No século XXI tem início a redução dos católicos não apenas em percentual, mas em números absolutos, o que nunca tinha sido visto. Entre os anos 2000 e 2022, os evangélicos passaram de 15,4 para 26,45% da população, enquanto o percentual de católicos caiu de 74 para 57,15%. Chama atenção a pouca capacidade de reação e renovação da Igreja católica, que vê seu público esvair-se não por falta de fé, mas por adesão a outras religiões cristãs mais adequadas ao seu cotidiano.

No Vale do Aço, esses números são ainda mais expressivos. O percentual de católicos e evangélicos revelado no censo de 2022 é de 47,37 e 40,38 em Fabriciano; 43,92 e 42,79 em Ipatinga e 43,88 e 42,89 em Timóteo. Ou seja: nas três cidades o contingente de evangélicos e católicos é equivalente.
"Os evangélicos têm pontos que os unificam e os transformam numa força política


José Eustáquio acredita que não há um piso para queda do número de católicos. Por isto considera que, num futuro próximo, os evangélicos devem superar os católicos no Brasil. No Vale do Aço, esta realidade está muito próxima.
As consequências políticas deste crescimento ainda não estão totalmente claras. O universo evangélico é composto pelas igrejas mais antigas e conservadoras - Metodista; Batista; Adventistas -; pelas grandes igrejas que emergiram no século XX e por diversas igrejas autônomas, fundadas por missionários independentes.

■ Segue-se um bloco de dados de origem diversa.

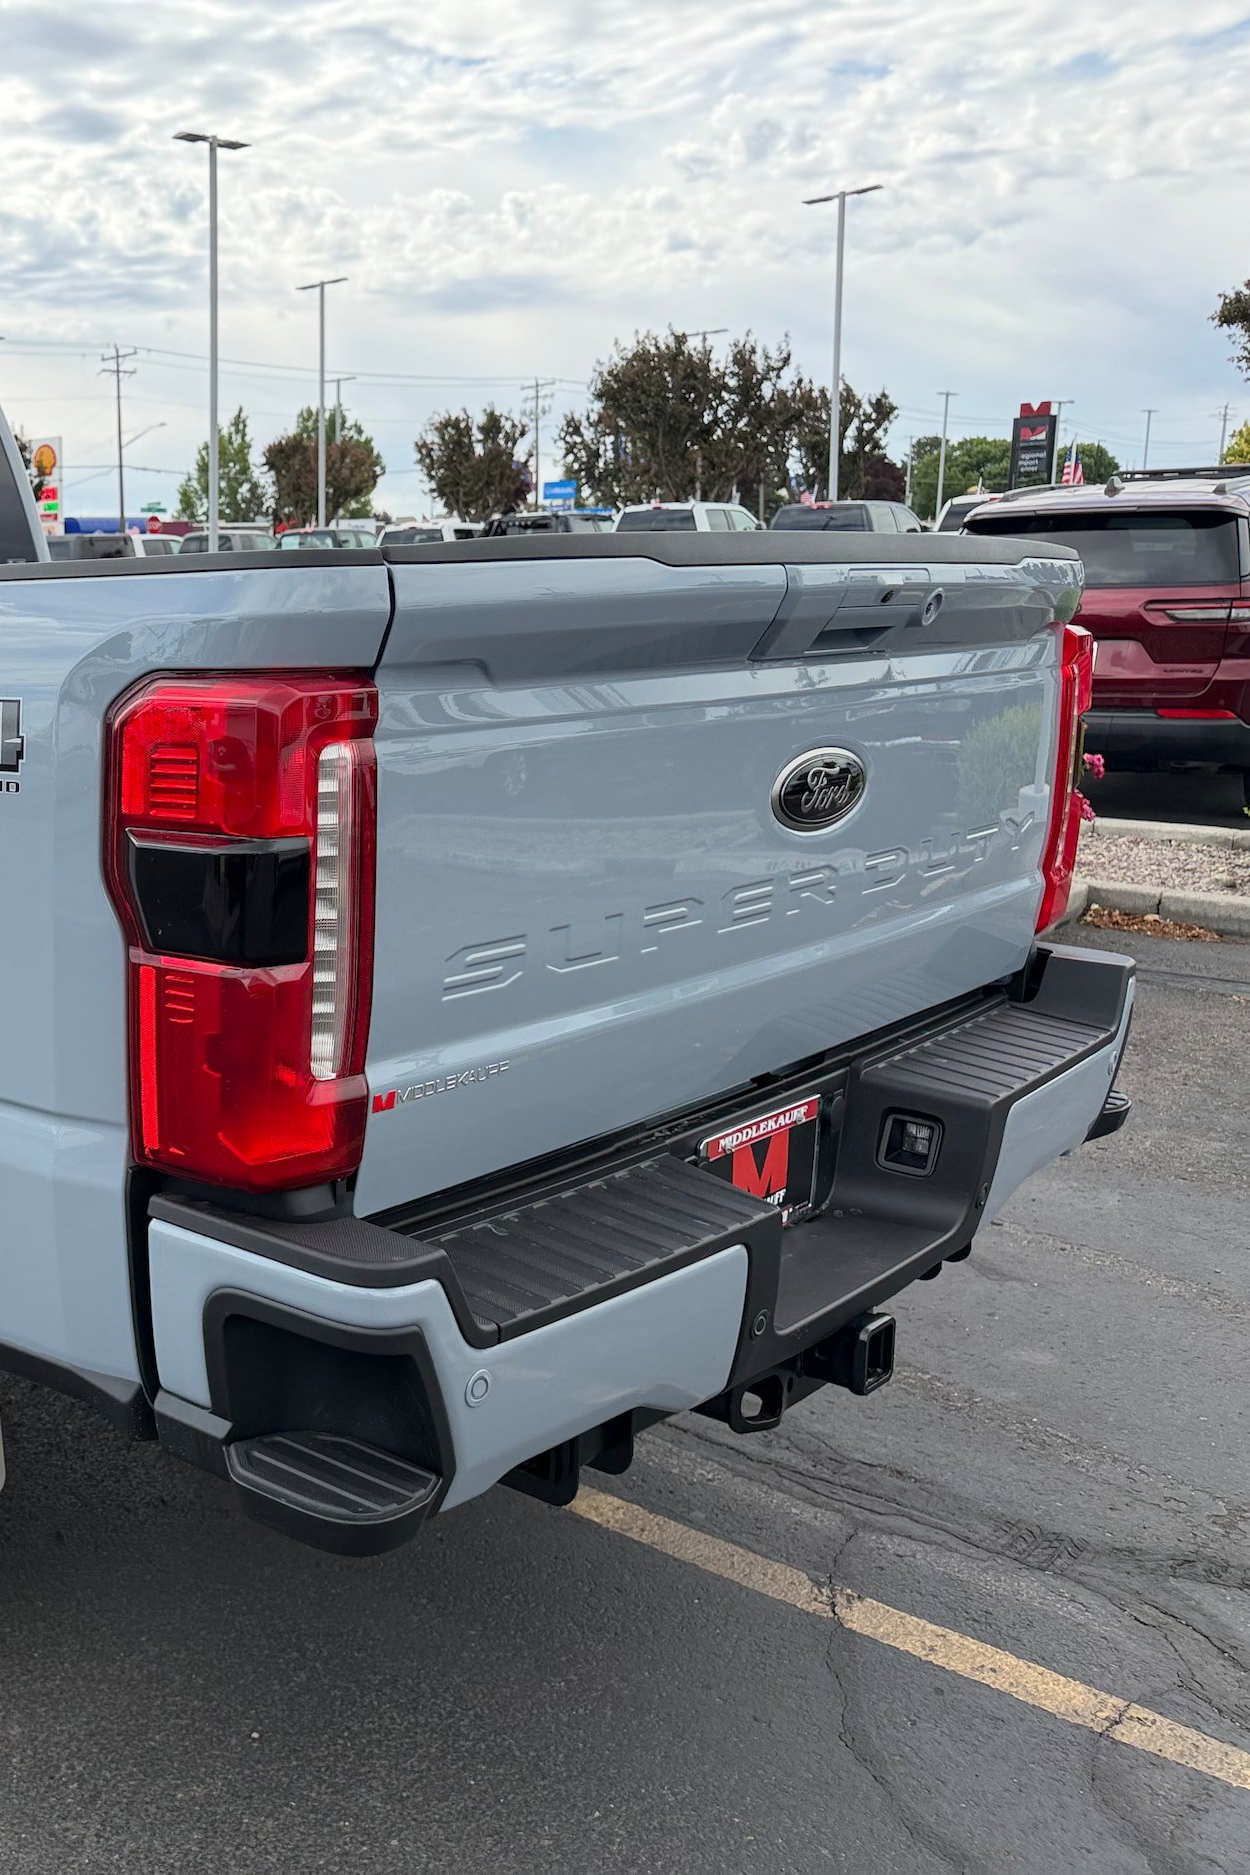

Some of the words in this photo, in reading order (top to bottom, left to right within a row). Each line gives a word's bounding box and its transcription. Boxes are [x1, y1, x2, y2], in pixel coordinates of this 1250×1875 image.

[800, 766, 853, 814] Ford
[441, 864, 838, 1001] SUPER
[861, 811, 1036, 896] DUTY
[396, 1060, 510, 1105] MIDDLEKAUFF
[717, 1105, 809, 1152] MIDDLEKAUFF
[731, 1128, 790, 1199] M
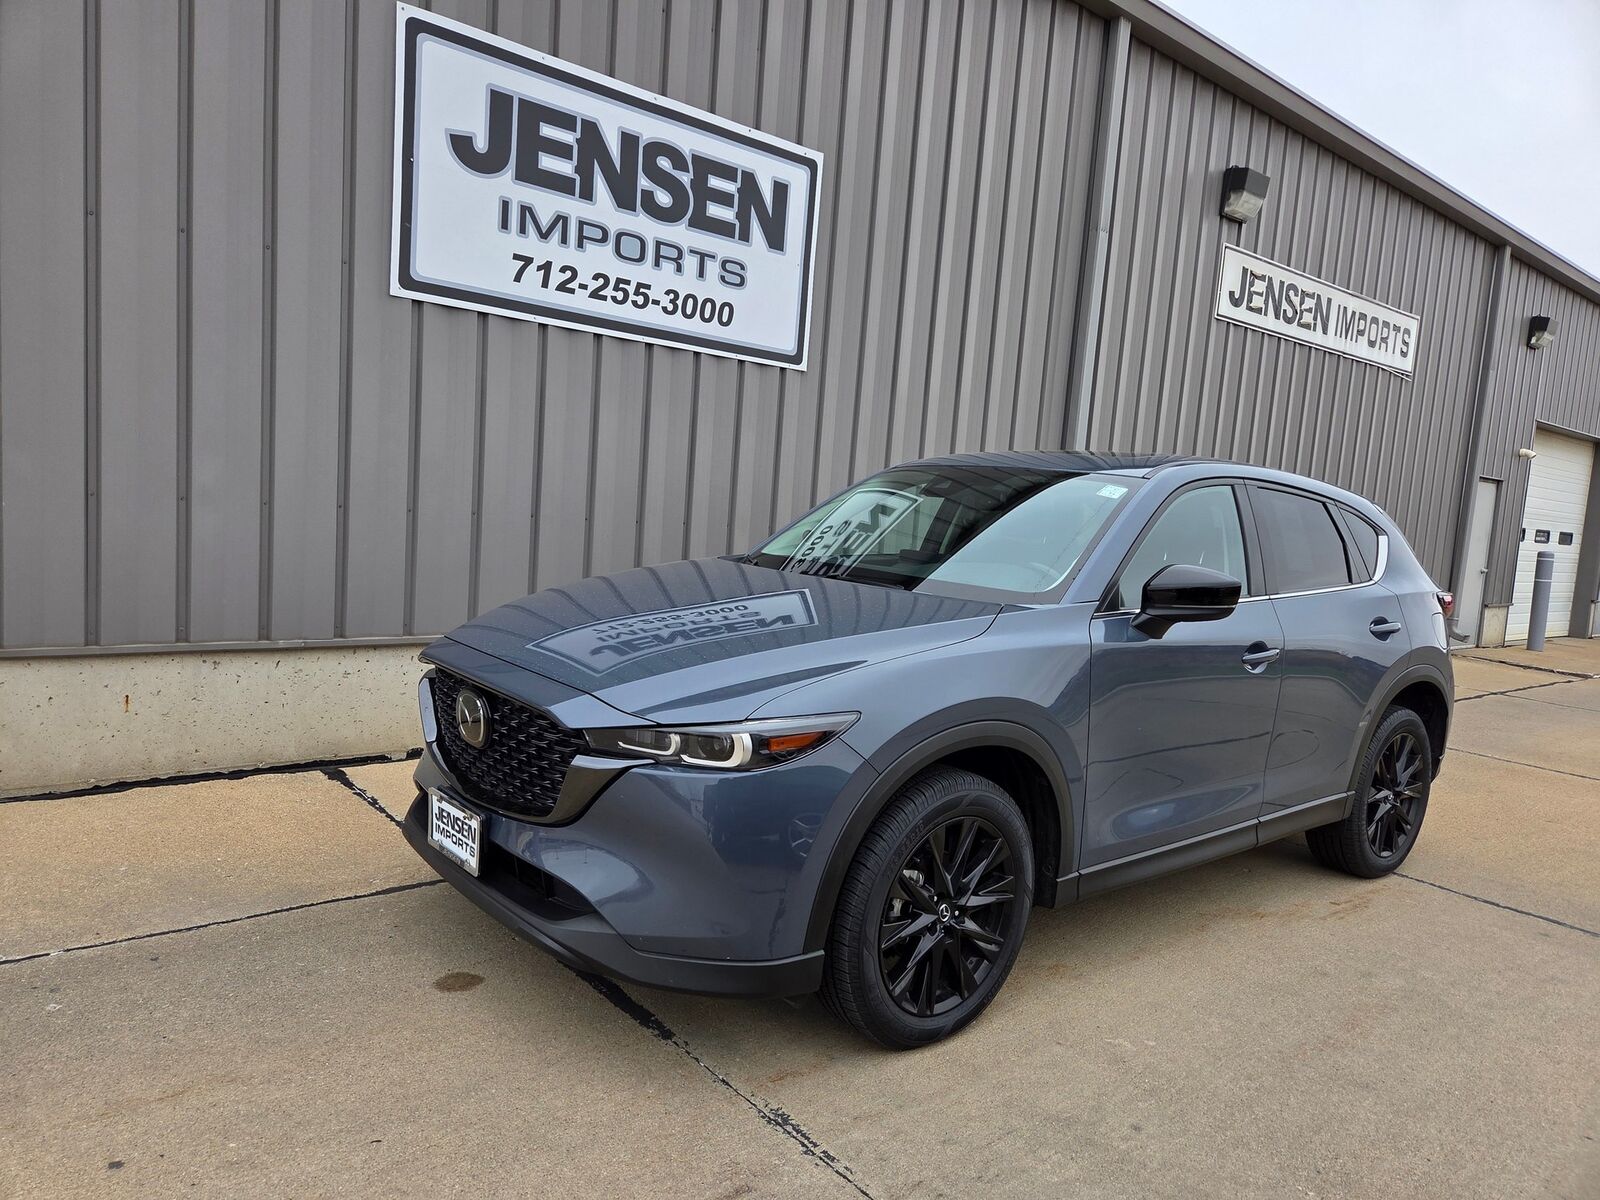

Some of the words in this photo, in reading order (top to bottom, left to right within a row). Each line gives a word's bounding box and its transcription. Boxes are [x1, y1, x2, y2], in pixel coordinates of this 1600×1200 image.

[446, 85, 789, 254] JENSEN
[498, 198, 748, 288] IMPORTS
[512, 253, 735, 327] 712-255-3000
[1228, 265, 1332, 335] JENSEN
[1334, 303, 1412, 358] IMPORTS
[435, 806, 476, 845] JENSEN
[435, 822, 475, 858] IMPORTS
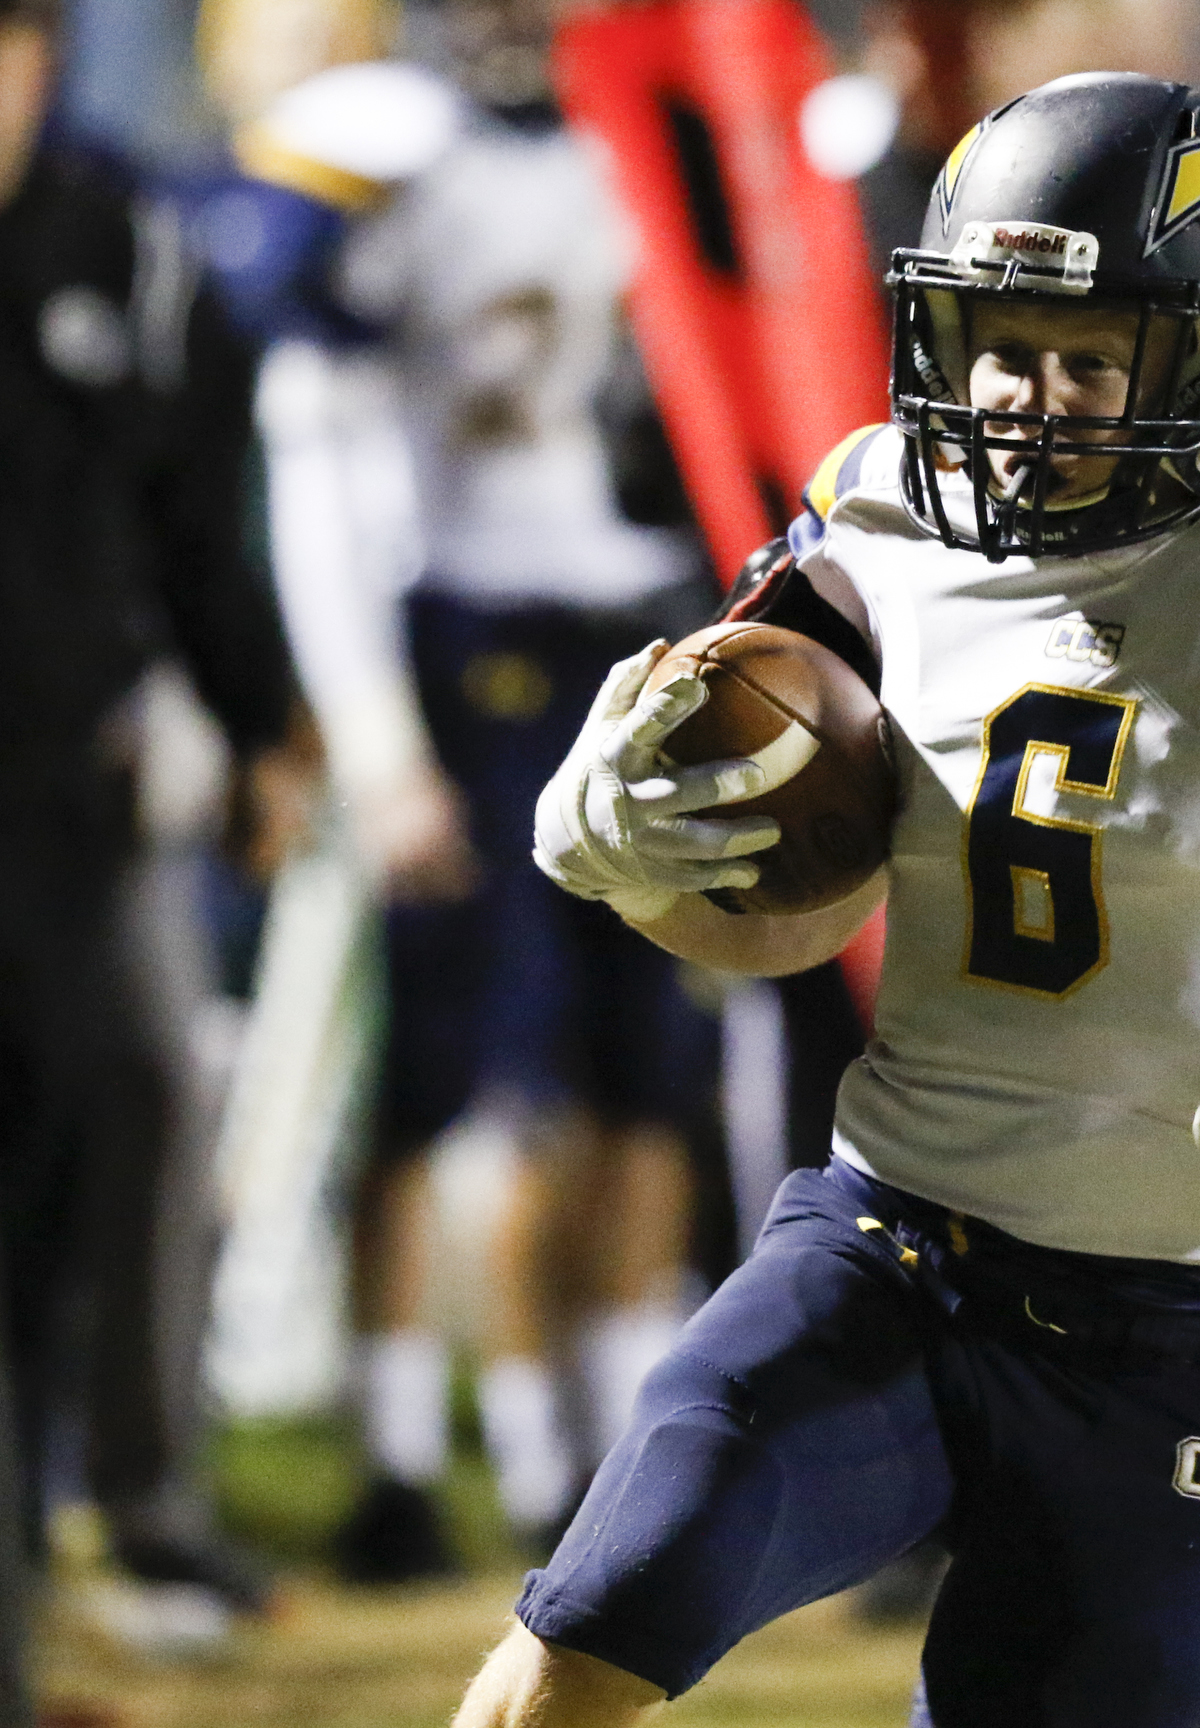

Mesmo sem serem unificadas ou terem a hierarquia e a estrutura de poder da Igreja católica, os evangélicos têm pontos que os unificam e os transformam numa força política. As consequências deste crescimento virão. Seu potencial de votos deve crescer e, a se repetir o que aconteceu na década passada, tendem a se alinhar ao bolsonarismo.

As razões para isso são inúmeras. Em muitos casos são o resultado de acomodações junto ao poder, ou seja, apoio conseguido pelas diversas seitas para sua estruturação. Há também posicionamentos resultantes de alinhamento com a pauta de costumes - defesa da família; postura antiaborto -. e também projetos de poder.

Alguns estudiosos consideram que vários pastores evangélicos, entre eles, Malafaia, são adeptos da chamada "teologia do domínio", onde os cristãos deveriam exercer o poder e moldar o Estado segundo preceitos bíblicos. Nesta perspectiva, a predominância política dos evangélicos teria resultados ainda por serem analisados.

De toda forma, assistimos a mudanças profundas no país, com resultados que podem ser inesperados. Além da transição religiosa, temos a demográfica, onde a idade média da população vai aumentar, juntamente com o número de idosos. E a isto podemos somar a diminuição do contingente de trabalhadores assalariados, com o consequente crescimento dos trabalhadores autônomos, a chamada "pejotização" econômica. Tudo isto ocorre num dos países mais desiguais do mundo, apesar de ter sido governado por mais de 20 anos por governos progressistas. O futuro guarda muitas surpresas.

* Empresário. Economista. Morador de Ipatinga.